For example I got this code:
constexpr static std::size_t ConstexprFunction(const int value) {
return value;
}
static constexpr std::size_t CallConstexptrFunction(const int value) {
constexpr std::size_t v = ConstexprFunction(value);
return v;
}
int main() {
constexpr int test = 42;
CallConstexptrFunction(test);
}
the compiler will argued that constexpr variable 'v' must be initialized by a constant expression
, it looks like the ConstexprFunction
is actually run on runtime, not on compile-time. I change the code to this:
static constexpr std::size_t CallConstexptrFunction(const int value) {
constexpr std::size_t v = value;
return v;
}
int main() {
constexpr int test = 42;
CallConstexptrFunction(test);
}
and the error keeps the same, which may prove that when use the value
in the CallConstexptrFunction
, it is considered to a runtime variable rather than a contexpr
variable.
currently my solution is to change the function parameter to a template parameter to avoid parameter passing:
constexpr static std::size_t ConstexprFunction(const int value) {
return value;
}
template<int SIZE>
static constexpr std::size_t CallConstexptrFunction() {
constexpr std::size_t v = ConstexprFunction(SIZE);
return v;
}
there's a similarly question, but the question:
- It is based on C++11.
- One of the OP's solution makes the function run on runtime, don't know the OP award that or not (the case he called the returned the function directly, not hold the return value by a constexpr variable).

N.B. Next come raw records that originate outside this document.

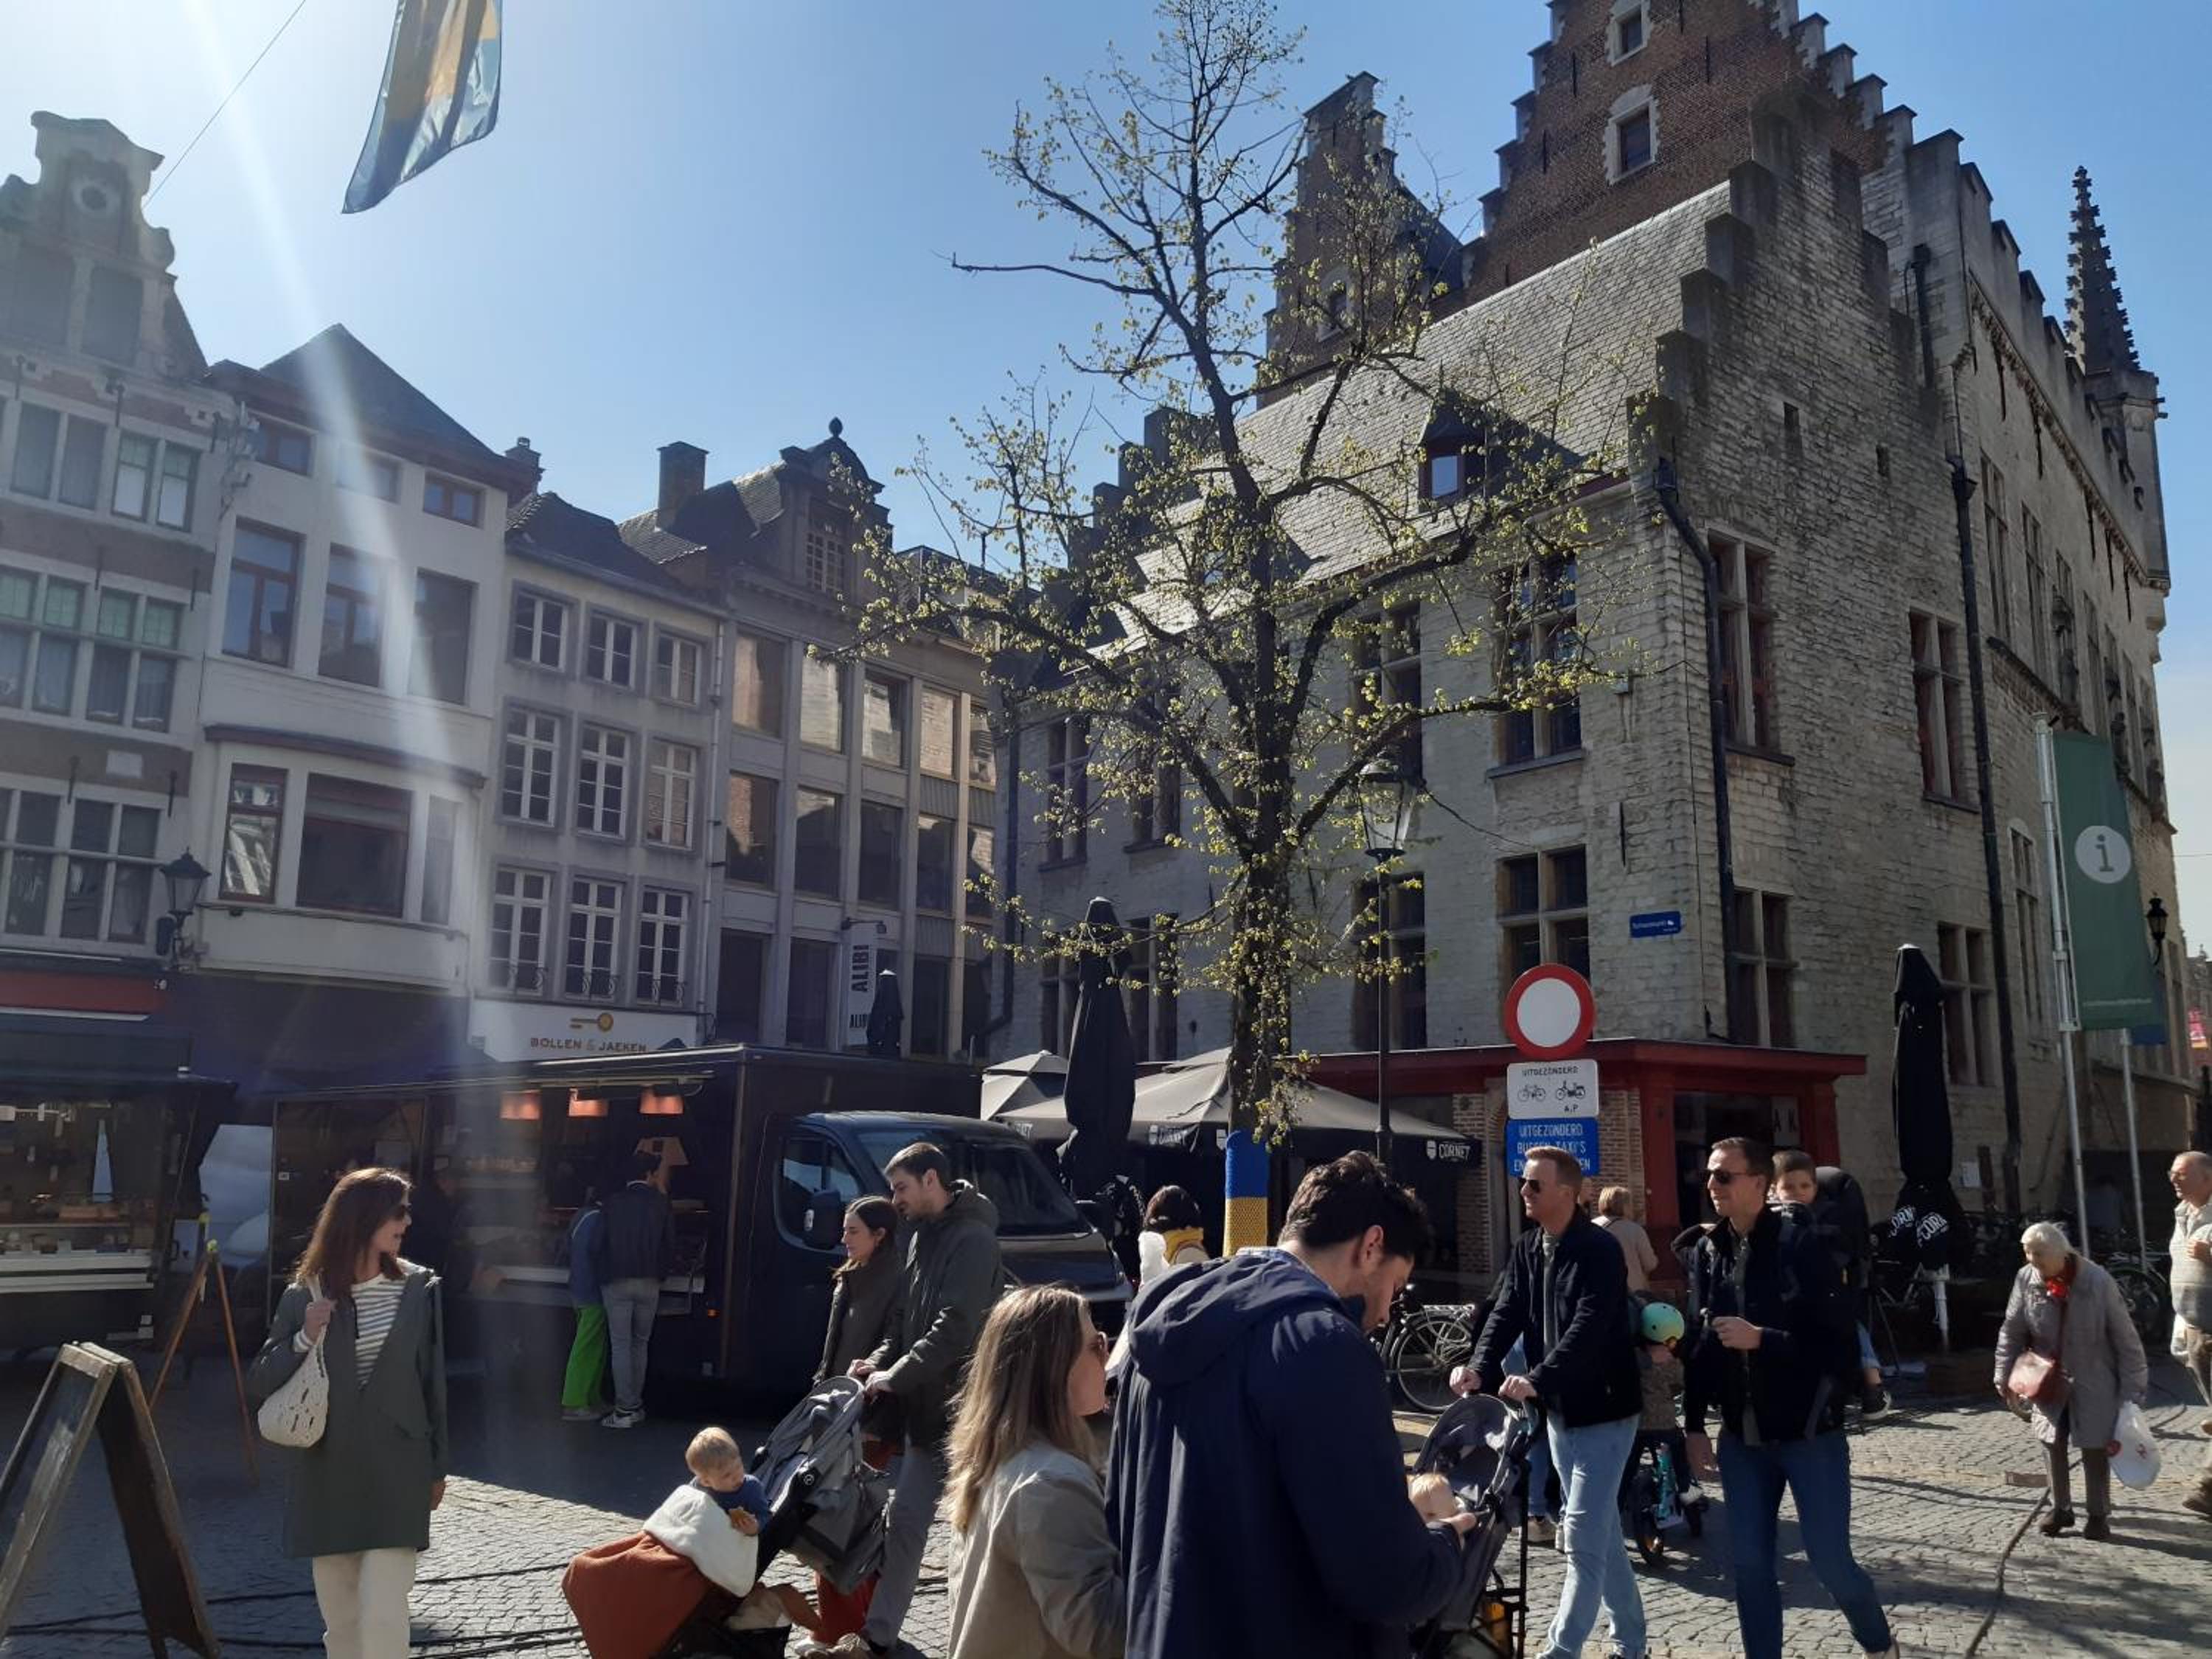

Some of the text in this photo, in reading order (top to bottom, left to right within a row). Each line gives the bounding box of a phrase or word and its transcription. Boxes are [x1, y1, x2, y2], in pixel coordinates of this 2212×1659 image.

[852, 945, 869, 992] ALIBI
[530, 1037, 582, 1050] BOLLEN
[599, 1041, 647, 1053] JAEKEN
[1522, 1065, 1579, 1077] UITGEZONDERD
[1519, 1123, 1583, 1138] UITGEZONDERD
[1439, 1144, 1471, 1160] CORNET
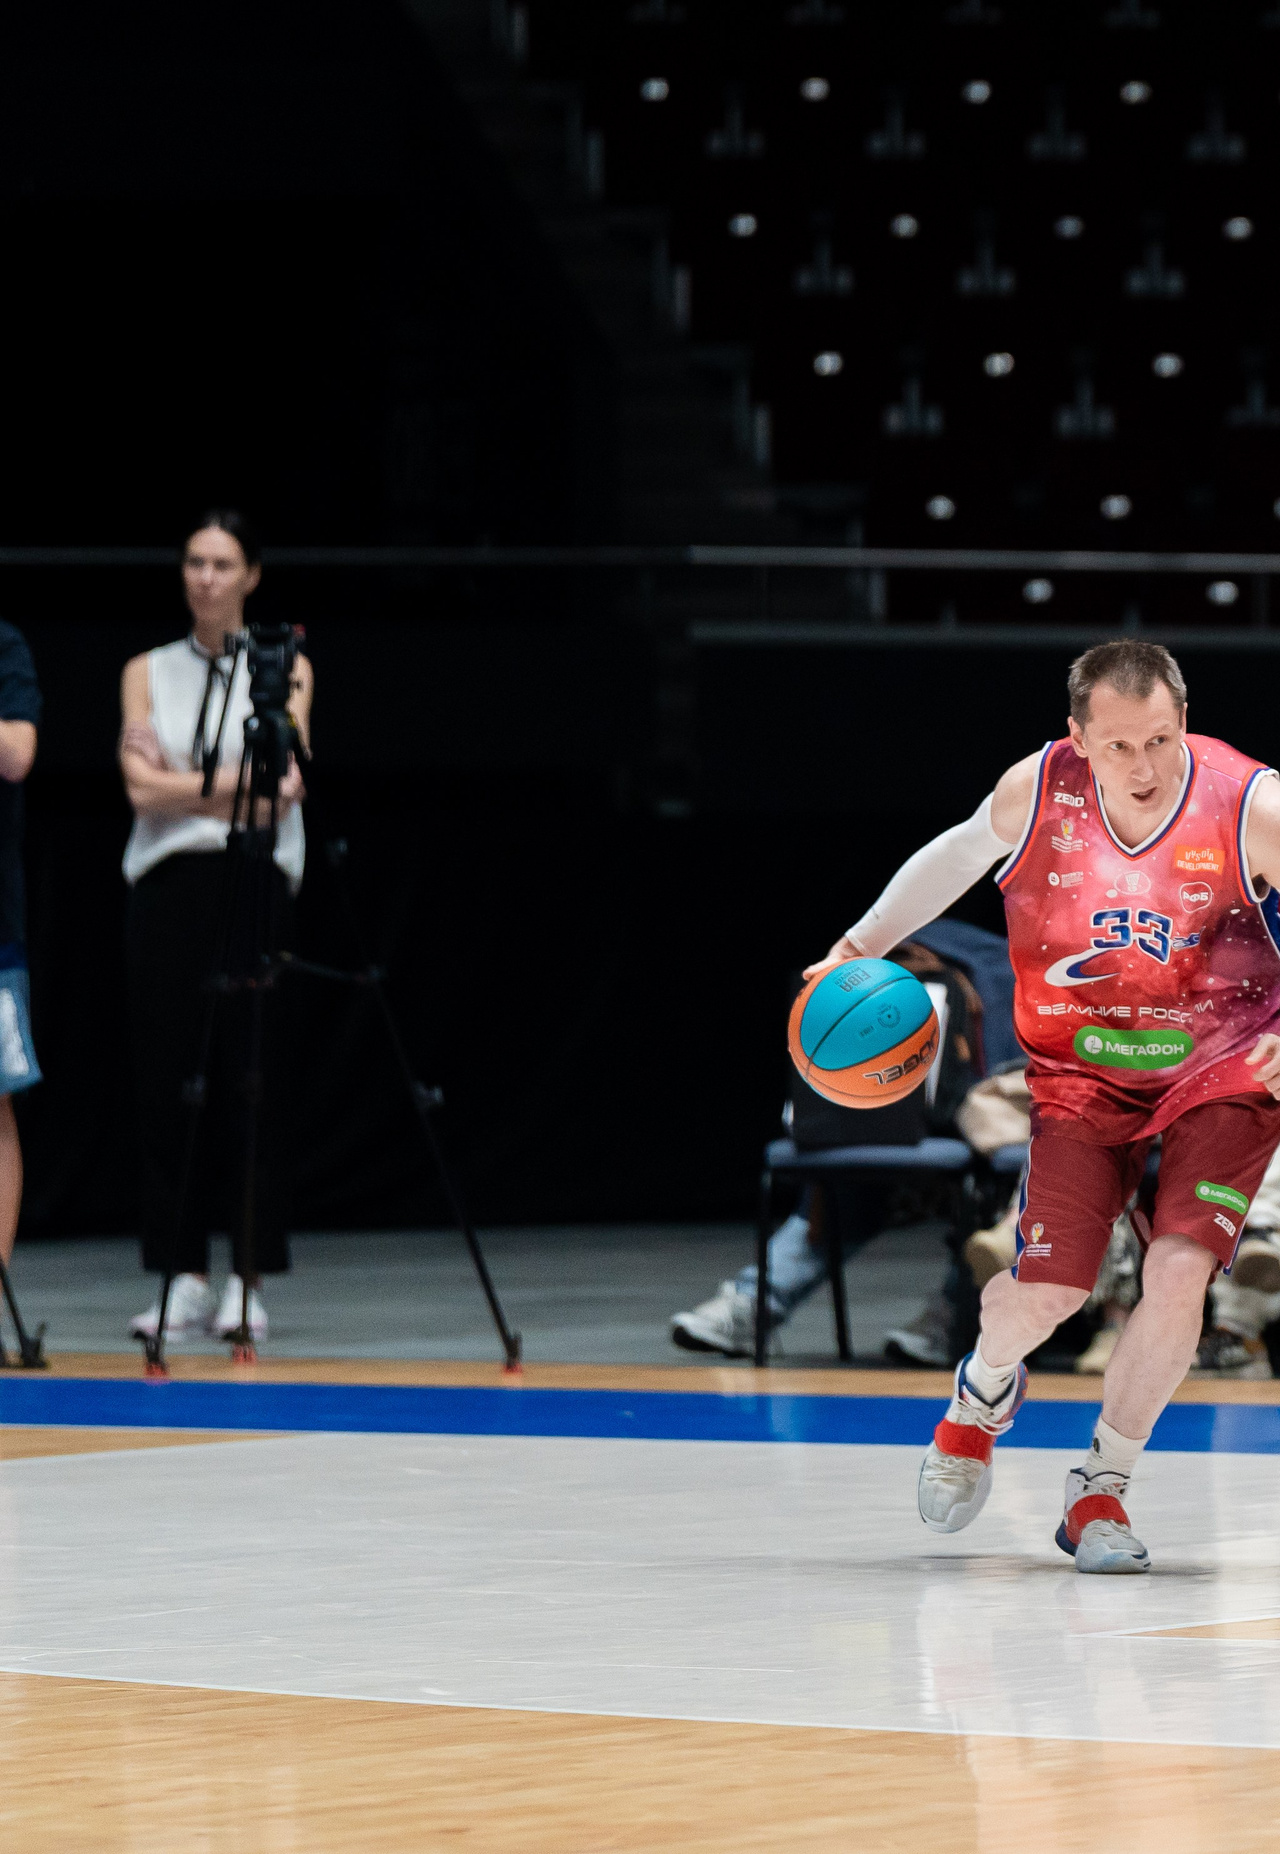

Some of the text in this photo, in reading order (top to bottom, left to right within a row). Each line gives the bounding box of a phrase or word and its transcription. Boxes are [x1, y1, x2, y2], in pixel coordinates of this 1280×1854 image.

and after reading the question here's my questions:
- Will the template version generate too many instances which will lead the code size to be too large?
- Can the function parameter passing be done without using template (any version is welcome, even C++20), I tried
constexpr int value
as parameter and use Clang and C++20 experimental, it seems this syntax is still not allowed.